***** THE INPUT

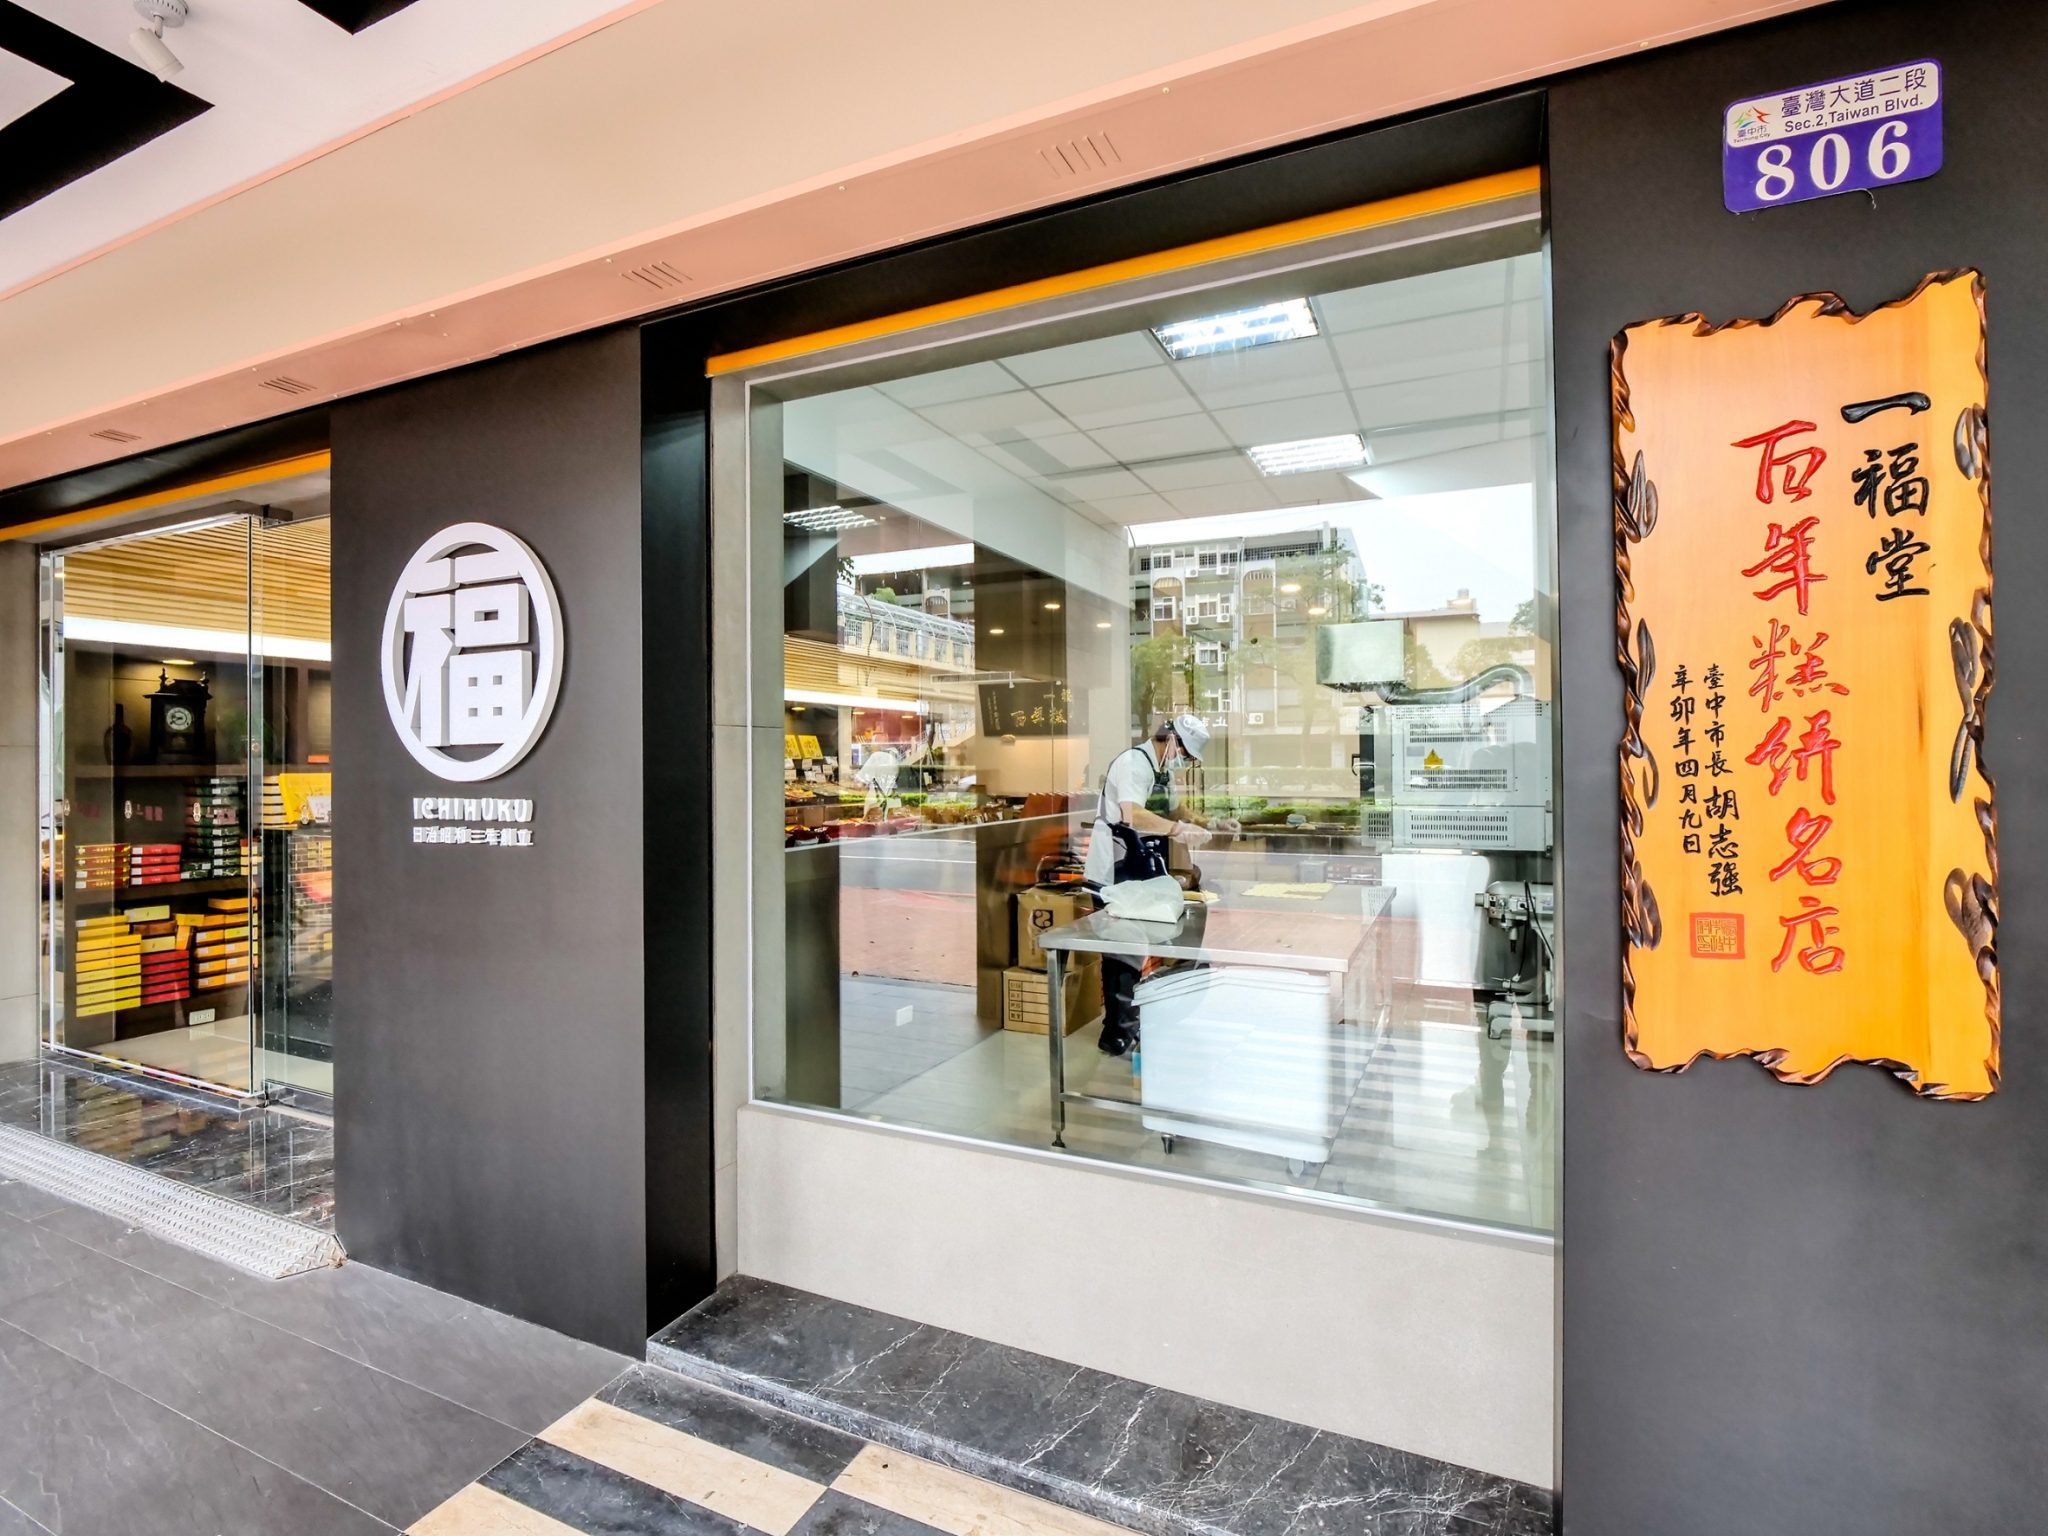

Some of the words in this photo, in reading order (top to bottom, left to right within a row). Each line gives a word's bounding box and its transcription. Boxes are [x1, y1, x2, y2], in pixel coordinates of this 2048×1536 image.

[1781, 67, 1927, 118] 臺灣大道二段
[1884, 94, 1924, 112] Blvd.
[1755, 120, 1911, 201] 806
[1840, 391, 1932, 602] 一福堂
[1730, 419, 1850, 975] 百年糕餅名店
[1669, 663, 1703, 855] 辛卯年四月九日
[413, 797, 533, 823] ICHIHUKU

**********

-- PROBLEM TO SOLVE --
Start to finish, write out the data above exactly, omitting all pictures.

-- RESULT --
Some of the words in this photo, in reading order (top to bottom, left to right within a row). Each line gives a word's bounding box and its transcription. Boxes are [x1, y1, x2, y2], in pixel coordinates of this 2048×1536 image.

[1781, 67, 1927, 118] 臺灣大道二段
[1884, 94, 1924, 112] Blvd.
[1755, 120, 1911, 201] 806
[1840, 391, 1932, 602] 一福堂
[1730, 419, 1850, 975] 百年糕餅名店
[1669, 663, 1703, 855] 辛卯年四月九日
[413, 797, 533, 823] ICHIHUKU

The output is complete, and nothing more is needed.